**YOUR OBJECTIVE**. Word for word, output the data, with none of its pictures.
#### PROVIDED MATERIAL ####
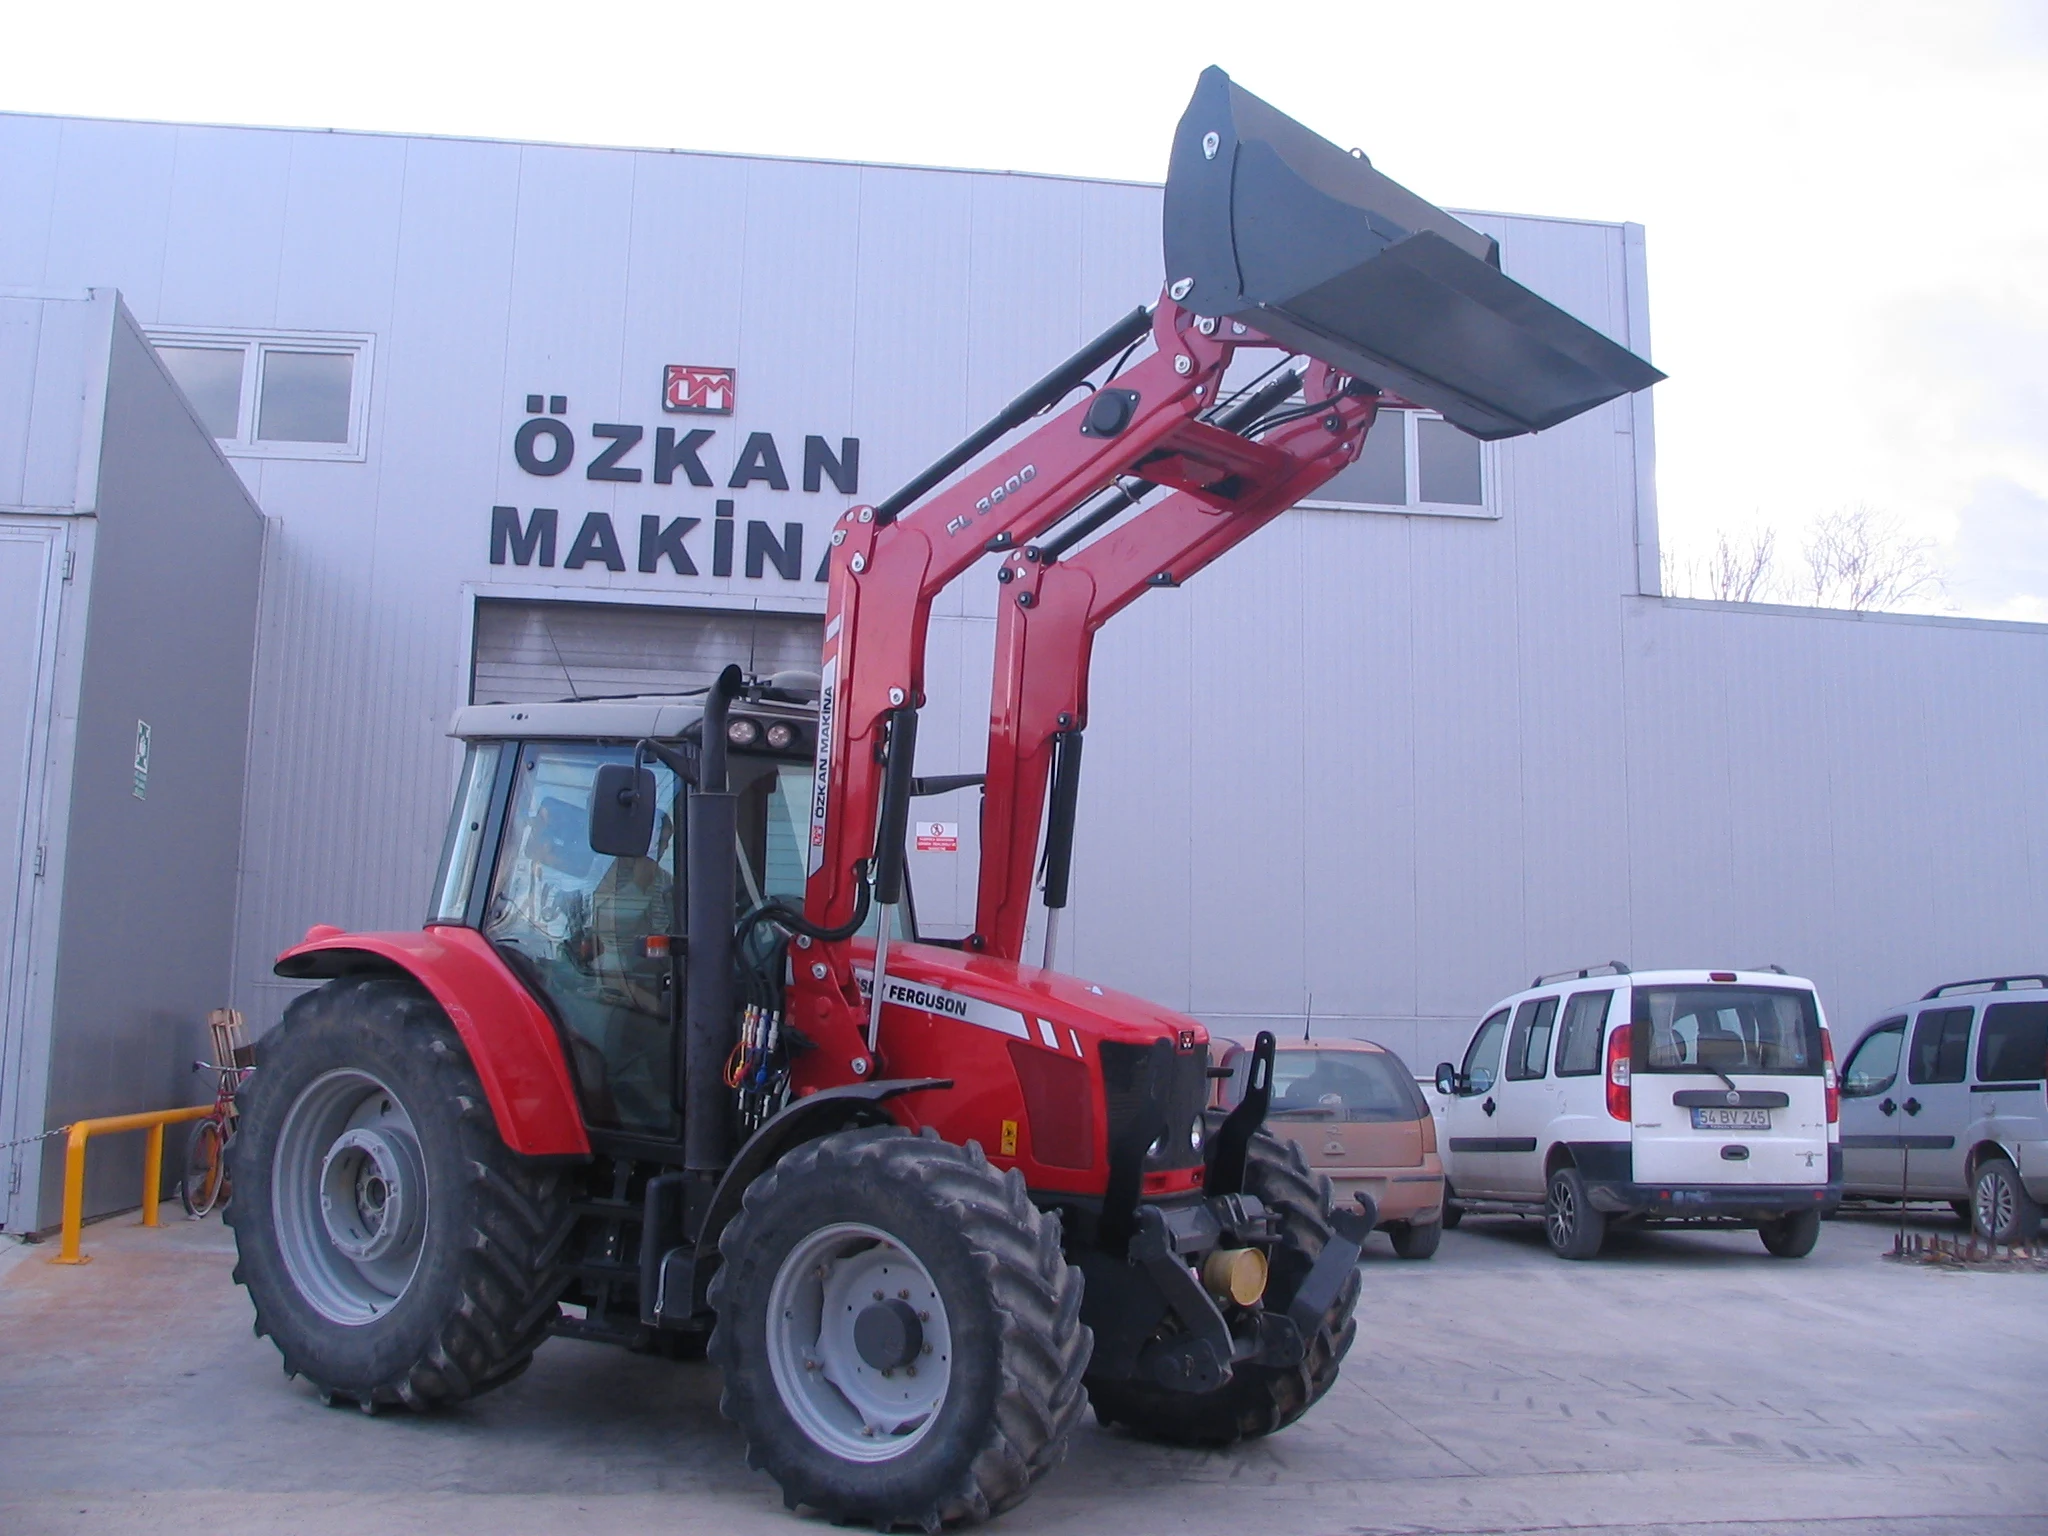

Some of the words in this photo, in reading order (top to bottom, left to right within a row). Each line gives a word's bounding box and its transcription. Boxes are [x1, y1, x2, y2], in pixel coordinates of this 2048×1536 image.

[514, 394, 860, 494] ÖZKAN
[946, 514, 973, 538] FL
[974, 463, 1037, 516] 3800
[820, 685, 833, 754] MAKİNA
[815, 758, 829, 819] ÖZKAN
[889, 985, 968, 1016] FERGUSON
[1700, 1110, 1716, 1124] 54
[1720, 1111, 1738, 1124] BV
[1743, 1111, 1766, 1124] 245
####
**REPLY**.
Some of the words in this photo, in reading order (top to bottom, left to right within a row). Each line gives a word's bounding box and its transcription. Boxes are [x1, y1, x2, y2], in pixel coordinates of this 2048×1536 image.

[514, 394, 860, 494] ÖZKAN
[946, 514, 973, 538] FL
[974, 463, 1037, 516] 3800
[820, 685, 833, 754] MAKİNA
[815, 758, 829, 819] ÖZKAN
[889, 985, 968, 1016] FERGUSON
[1700, 1110, 1716, 1124] 54
[1720, 1111, 1738, 1124] BV
[1743, 1111, 1766, 1124] 245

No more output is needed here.